Here’s the part where luck has something to do with how this all plays out. I don’t know if you’ve heard—but scientists came up with a plan for free energy a long time ago. All you have to do is create solar panels in Earth orbit and transmit the energy to the surface as microwaves. No fuel required, no pollution emitted—unlimited free power. Why don’t we do that? We don’t do that because nobody wants a microwave-cannon with the power of the sun pointed at whatever part of Earth’s surface it happens to be pointed at.
There are many things that science won’t do, or can’t do. If you remember, the space-shuttles always landed dead-stick (in the words of one of the pilots, ‘it flew like a brick’). If asteroid mining developed sufficiently, it could send raw materials back to earth—instead of mining for metal, we could have steel gliders in from space. Sounds crazy, I know—but it can be done.
One of the things science can’t do (right now, at least) is create a material strong enough to support Clarke’s space-elevator. But if we are lucky enough to find such materials and building techniques in the near future, we could create a conveyor belt capable of both sending things to space, and getting stuff back from space, without any great need for energy, or rockets, or rocket fuel.

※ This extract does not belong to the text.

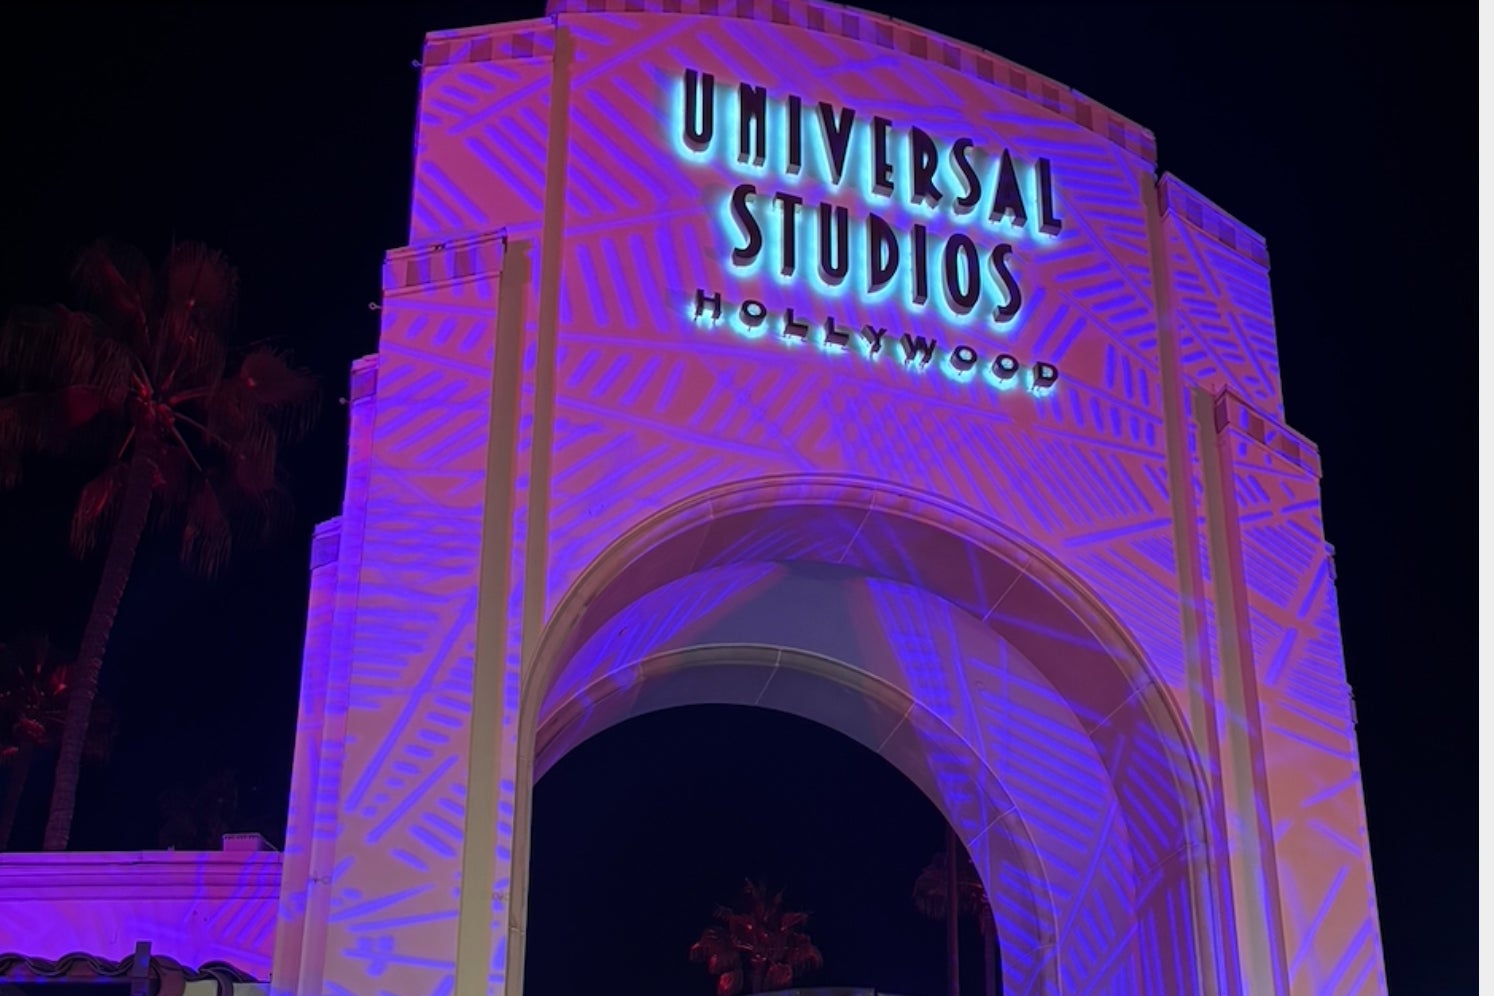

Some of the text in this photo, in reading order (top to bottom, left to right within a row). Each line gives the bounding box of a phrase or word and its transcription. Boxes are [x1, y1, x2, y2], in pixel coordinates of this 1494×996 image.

If we got lucky in that way, then the development of the solar system’s resources wouldn’t just save humanity, it would save the people of Earth as well. It would provide more resources than we could imagine, it would provide a cheap and easy way for people to leave Earth—or return. It would mean that the benefits of going to space would not be confined only to the people in space.
That would be great—a lucky break for everyone. But there is no guarantee that any of this will happen—there isn’t even any guarantee that we will begin to try to do any of this. The only guarantee is that, if we do it, it won’t be easy. My only purpose in writing this is to set the facts in evidence before you.
Establishing a self-sustaining foothold in space is the big issue—everything else is a side-issue: wars, governments, even money are trivial things by comparison. It is human nature to expand—we can’t help ourselves. But we are trapped in a bottle right now, running out of room to grow—running out of materials, destroying environments. You may think of space exploration as childish—but I think of the short-sightedness of failing to go to space as even more childish. It is little different from hiding under the covers, hoping the boogeyman will go away.
In short, investing in space is a long shot, not to mention a really long-term investment that will require decades to make a return. But I believe that if we don’t develop space, no investment in anything has much of a future. So, in balance, it’s where the smart money will go. And remember—it’s not always necessary to be smart—sometimes you can simply listen to what the smart people say. And this is what they are saying, as far as I understand it.